Presidenta do Cofecon falou em audiência pública realizada nesta quarta-feira (02/07), na Câmara dos Deputados. Evento também contou com o conselheiro federal Antonio Corrêa de Lacerda 

O Centro de Estudos e Debates Estratégicos da Câmara dos Deputados realizou nesta quarta-feira (02/07) uma audiência pública para discutir as altas taxas de juros como entraves para a reindustrialização brasileira, a transição energética e a descarbonização. Entre outros debatedores, o evento contou com a participação da presidenta do Cofecon, Tania Cristina Teixeira, e do conselheiro federal Antonio Corrêa de Lacerda. O evento pode ser assistido AQUI

Tania Teixeira: “Juros altos são um fim em si mesmo” 

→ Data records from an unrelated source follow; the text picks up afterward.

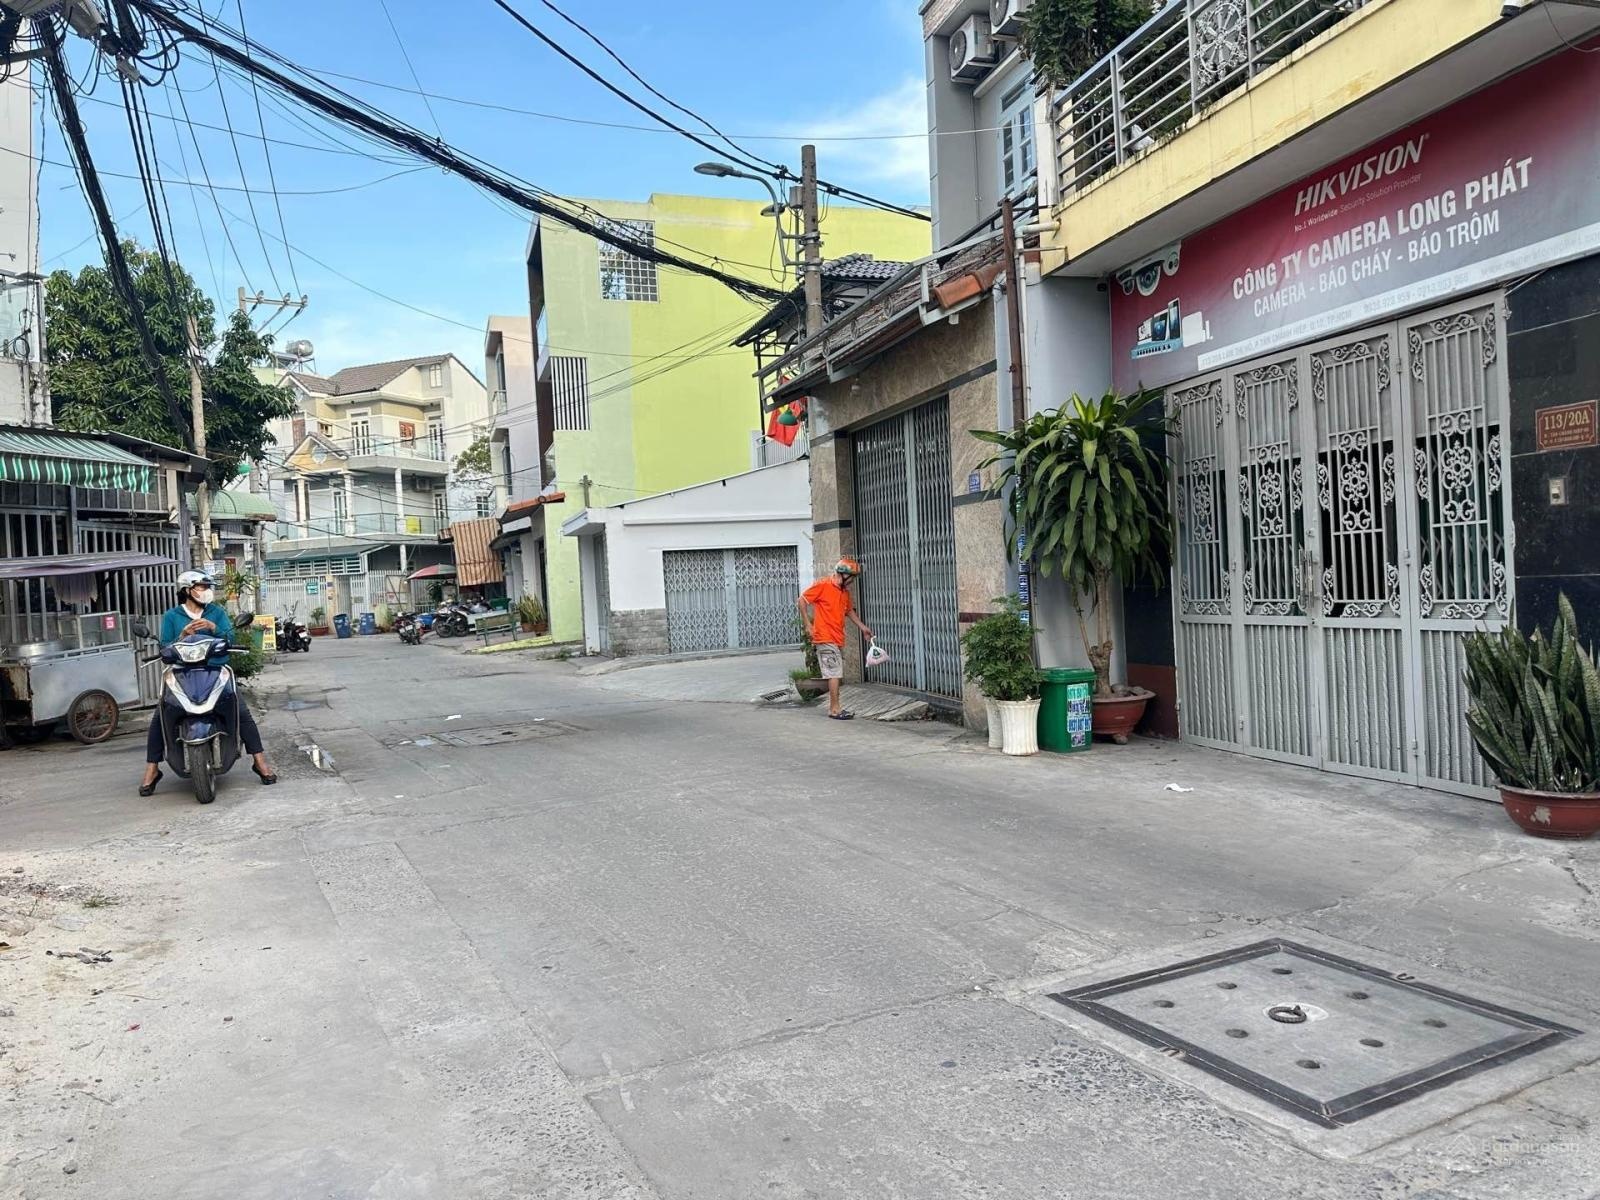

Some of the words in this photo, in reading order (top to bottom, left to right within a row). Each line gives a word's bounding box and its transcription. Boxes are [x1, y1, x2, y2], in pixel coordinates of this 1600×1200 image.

[1294, 135, 1425, 217] HIKVISION
[1308, 208, 1338, 225] Worldwide
[1366, 185, 1393, 201] Solution
[1394, 173, 1422, 190] Provider
[1233, 262, 1278, 300] CÔNG
[1281, 250, 1302, 280] TY
[1308, 215, 1391, 268] CAMERA
[1398, 190, 1457, 236] LONG
[1465, 156, 1533, 210] PHÁT
[1254, 283, 1307, 318] CAMERA
[1319, 264, 1347, 294] BÁO
[1351, 248, 1392, 282] CHÁY
[1408, 230, 1441, 262] BÁO
[1446, 209, 1500, 249] TRỘM
[1544, 409, 1590, 431] 113/20A
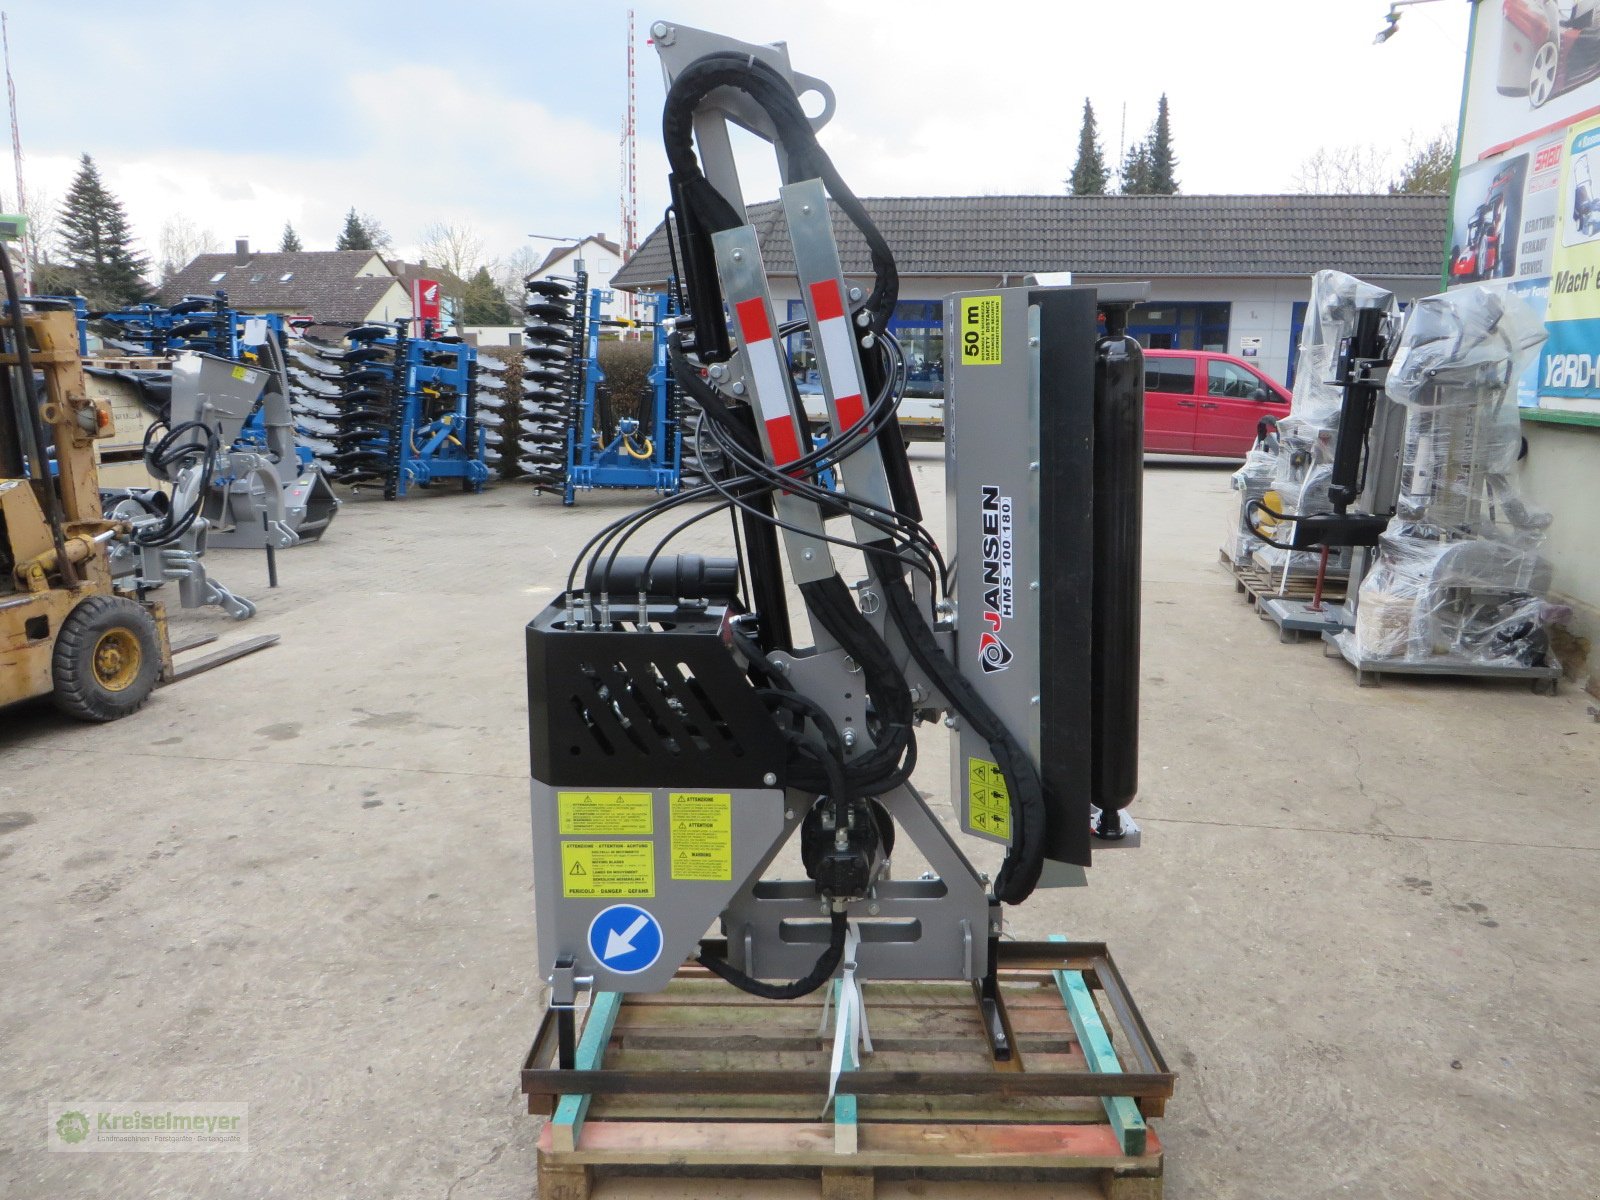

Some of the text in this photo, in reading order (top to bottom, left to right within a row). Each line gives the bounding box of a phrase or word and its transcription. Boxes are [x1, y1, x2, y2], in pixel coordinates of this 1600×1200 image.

[1534, 143, 1563, 172] SABO
[1524, 214, 1556, 234] BERATUNG
[1521, 237, 1548, 255] VERKAUF
[1520, 259, 1543, 275] SERVICE
[965, 306, 980, 357] 50 m
[982, 485, 1001, 633] JANSEN

Em sua fala, a presidenta do Cofecon afirmou que a atual política monetária brasileira está desconectada das necessidades de desenvolvimento nacional e precisa ser urgentemente repensada. Ela lembrou que o país ocupa o segundo lugar no ranking mundial de juros reais, ficando atrás apenas da Turquia. “Isso não é apenas uma estatística desconfortável, mas uma anomalia estrutural com consequências diretas sobre a capacidade de investimento e geração de emprego”, argumentou. 

A presidenta chamou a atenção para o fato de que a estratégia de controle da inflação baseada no aumento de juros para conter a demanda desconsidera fatores fundamentais. “Eventos como a pandemia, os conflitos geopolíticos e desastres climáticos afetam a inflação pela vida da oferta. Aumento de juros, nesta situação, vai resultar em estagnação econômica, desemprego e perda do bem-estar social. Teremos apenas os efeitos colaterais adversos, sem debelar a inflação ou mantê-la nos patamares previstos e esperados”. 

A economista também criticou a redução da meta, de 4,5% em 2018 para 3% em 2024. “A mesma inflação que hoje é tratada como se estivesse fora de controle estaria dentro da meta entre 2004 e 2018. A política de juros altos se torna um fim em si mesmo”, apontou. “Esta é uma realidade que beneficia apenas os rentistas”, prosseguiu, mencionando que cada ponto percentual a mais na taxa de juros custa mais de R$ 50 bilhões. 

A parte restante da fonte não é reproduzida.